Link to Pubmed [PMID] – 11601919
Virology 2001 Oct;289(1):74-85
To identify the molecular determinants contributing to the inability of recent human influenza A(H3N2) viruses to agglutinate chicken erythrocytes, phenotypic revertants were selected upon passage in eggs or MDCK cells. The Leu194Ile or Val226Ile substitutions were detected in their hemagglutinin (HA) sequence concomitantly with the phenotypic reversion. Remarkably, as little as 3.5% of variants bearing a Val226Ile substitution was found to confer the ability to agglutinate chicken erythrocytes to the virus population.
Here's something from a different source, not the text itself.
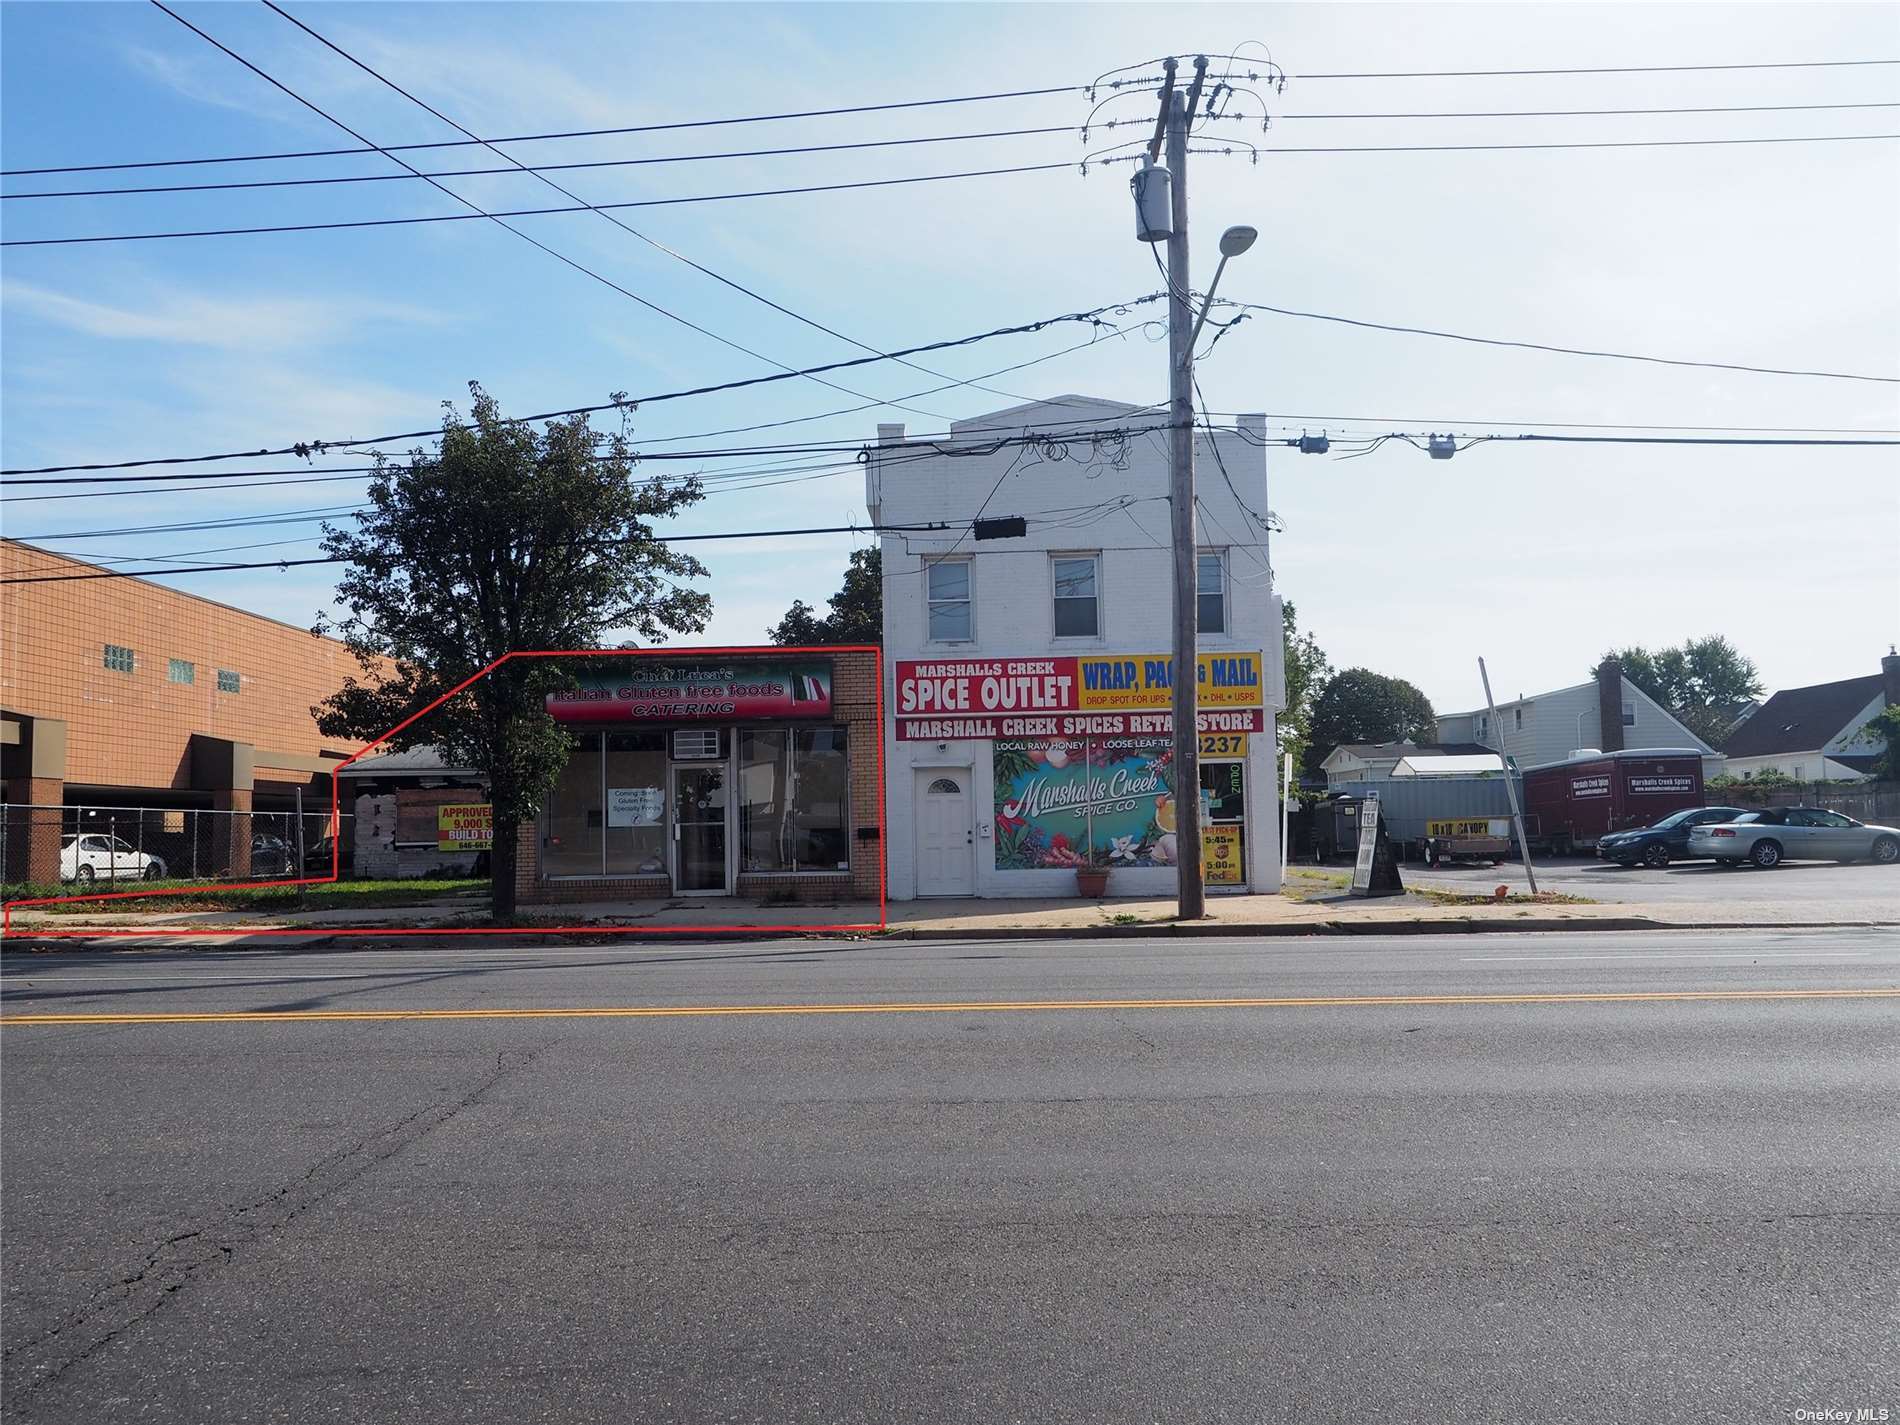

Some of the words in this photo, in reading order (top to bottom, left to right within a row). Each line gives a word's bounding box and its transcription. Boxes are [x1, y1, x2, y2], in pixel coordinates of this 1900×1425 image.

Hemadsorption assays following transient expression of mutated HA proteins showed that the successive Gln226 –> Leu –> Ile –> Val changes observed on natural isolates resulted in a progressive loss of the ability of the HA to bind chicken erythrocytes. The Val226Ile change maintained the preference of the HA for SAalpha2,6Gal over SAalpha2,3Gal and enhanced binding of the HA to alpha2,6Gal receptors present on chicken erythrocytes. In contrast, simultaneous Ser193Arg and Leu194Ile substitutions that were found to confer the ability to agglutinate sheep erythrocytes increased the affinity of the HA for SAalpha2,3Gal.